Studien zu den unterschiedlichen Systemen beispielsweise dem Ayurveda und der Traditionellen chinesischen Medizin zeigen die Evidenz auf. Hinzu kommen jede Menge Erfahrungswerte und die subjektiven Aussagen der Patientinnen und Patienten, die genau merken, was für sie gut funktioniert. Alle Krankheitsbilder können profitieren, besonders zum Beispiel Rückenbeschwerden und alle muskuloskelettalen Erkrankungen oder auch chronische Erkrankungen wie Autoimmunerkrankungen und Migräne. Der Bereich hochakuter und unfallmedizinischer Krankheiten ist etwas anders zu bewerten. Wenn ich morgen von einem Auto angefahren werde, möchte ich nicht, dass mein Akupunkteur gerufen wird. Aber auch hier ist in der langfristigen Weiterbehandlung ein langfristiges therapeutisches Konzept mit integrativen Ansätzen von Nutzen.

Ihr Vortrag befasst sich auch mit ganzheitlicher Prävention, was verstehen Sie darunter?

Im Ajurveda sagen wir: Der Aufwand, um eine Krankheit zu verhindern ist minimal im Vergleich zu ihrer Behandlung, wenn sie erst einmal ausgebrochen ist. Deshalb sollten wir immer schauen, wie wir in der Gesundheit bleiben. Da braucht es Bewegung, Ernährung, mentale Gesundheit und vieles mehr. Wenn es darum geht, jemanden gesund zu erhalten, ist die Schulmedizin nicht so stark aufgestellt. Die meisten haben im Studium beispielsweise ganze zwei Stunden Vorlesung über Ernährung.

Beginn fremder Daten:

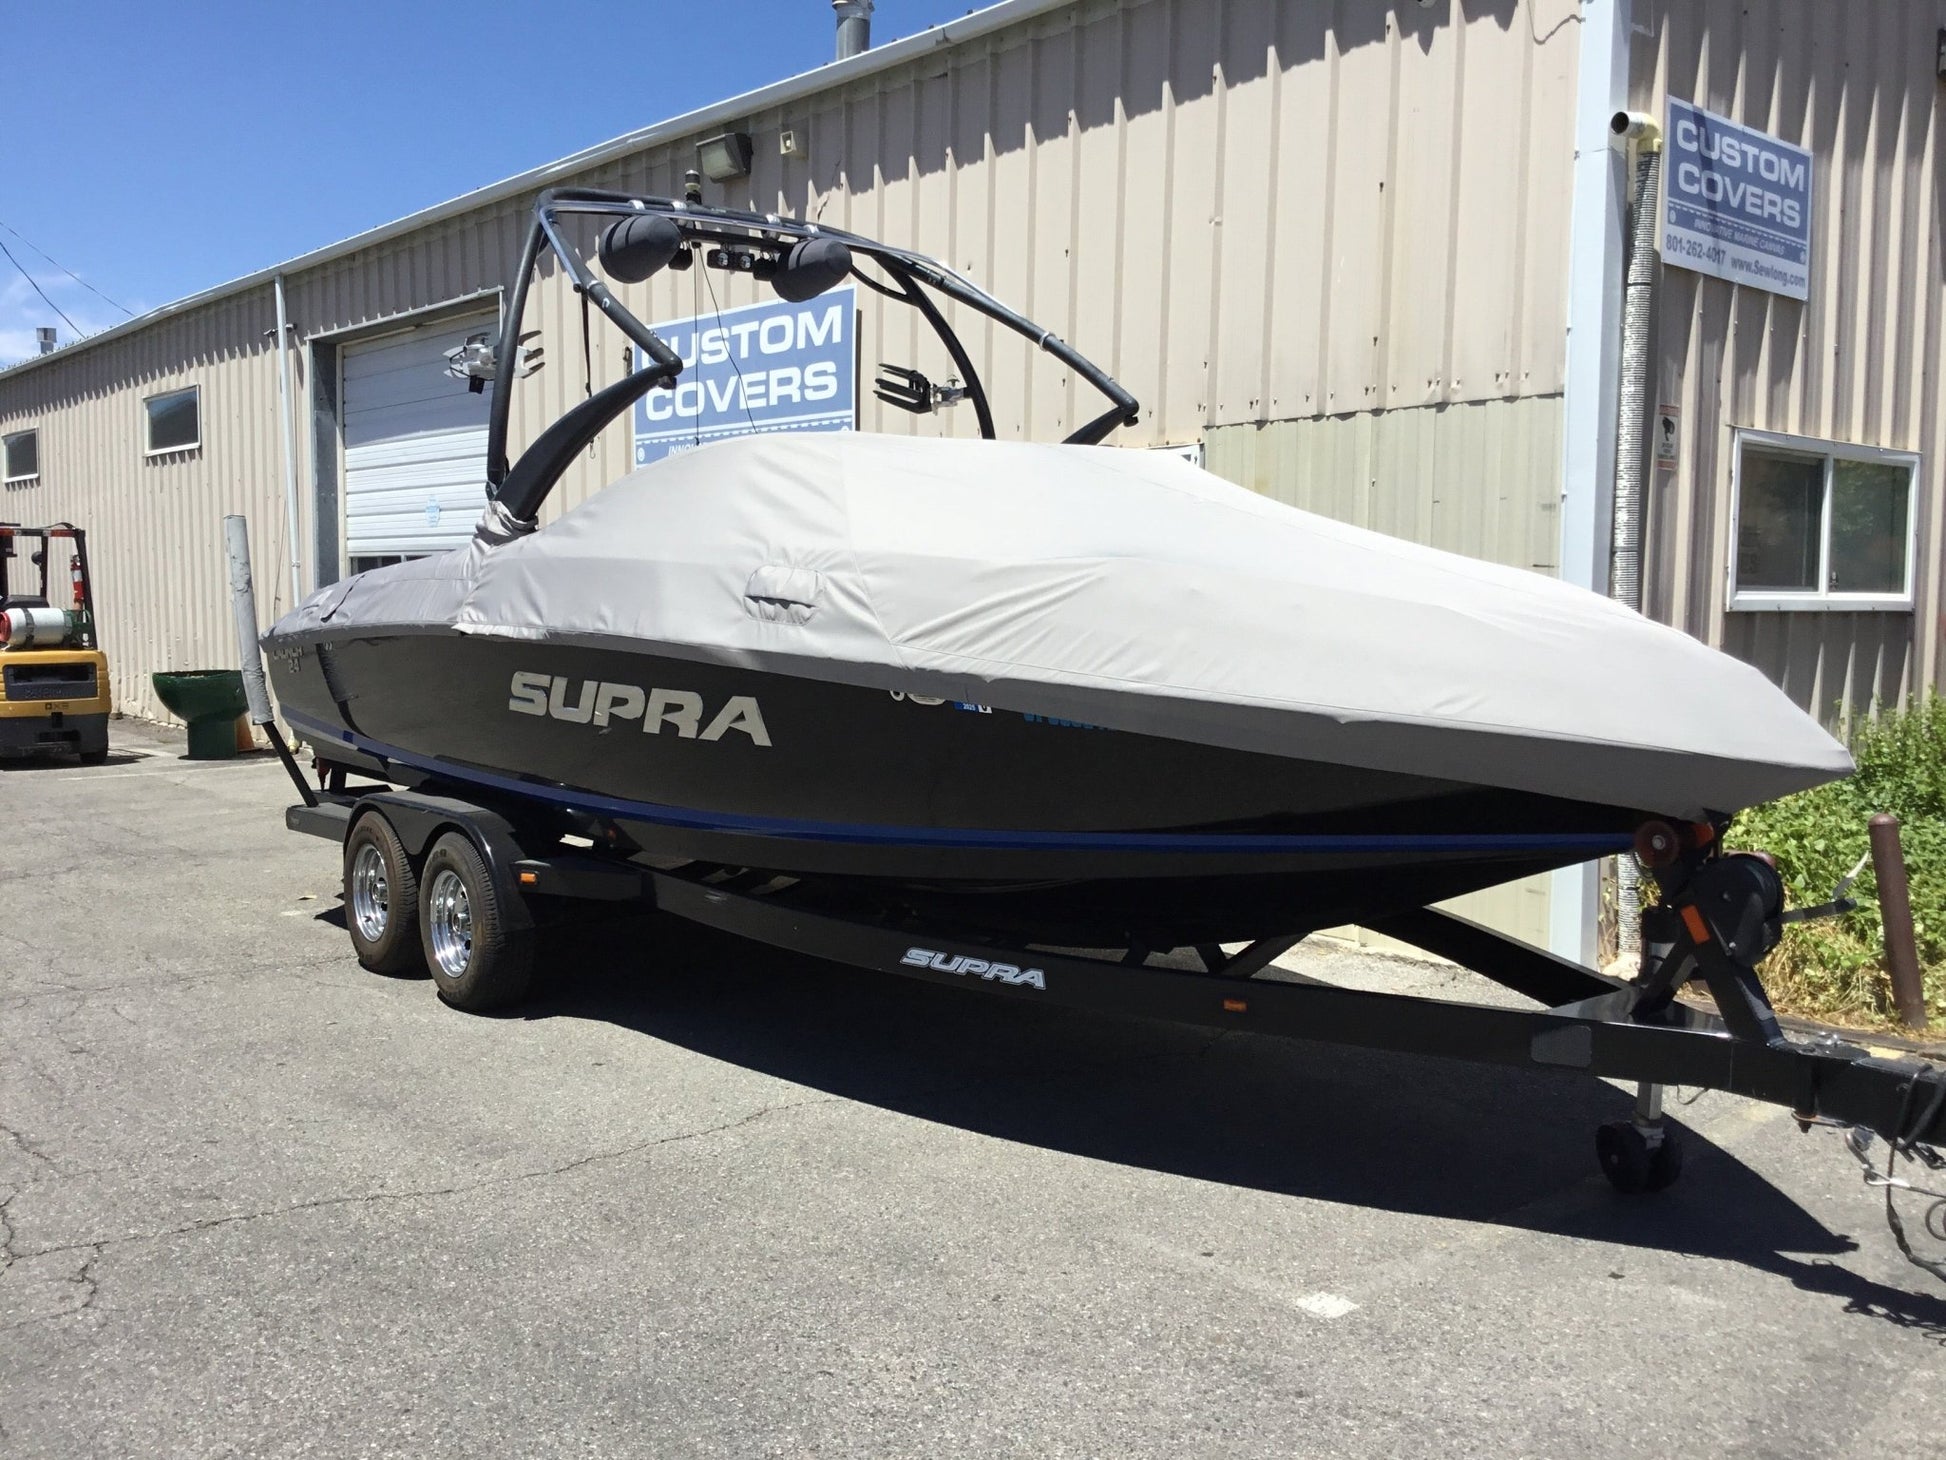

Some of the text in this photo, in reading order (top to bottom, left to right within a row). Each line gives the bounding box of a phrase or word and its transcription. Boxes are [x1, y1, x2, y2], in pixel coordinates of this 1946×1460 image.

[1676, 119, 1804, 192] CUSTOM
[1678, 162, 1800, 229] COVERS
[1666, 234, 1806, 289] 801-262-4017 www.Sewlong.com
[645, 361, 838, 421] COVERS
[508, 670, 772, 747] SUPRA
[900, 947, 1046, 990] SUPRA

Was würden Sie sich von Ihren Kolleginnen und Kollegen gern wünschen?

Wir wünschen uns, dass die ohnehin an integrativer Medizin Interessierten sich enger vernetzen können. Und wir möchten auch jene inspirieren, die bisher nur einen leichten Bezug zu der Thematik haben und ihnen einen Einblick geben, wie sie ihre Patienten gut beraten und weiter empfehlen können zu integrativ vorgehenden Kolleginnen.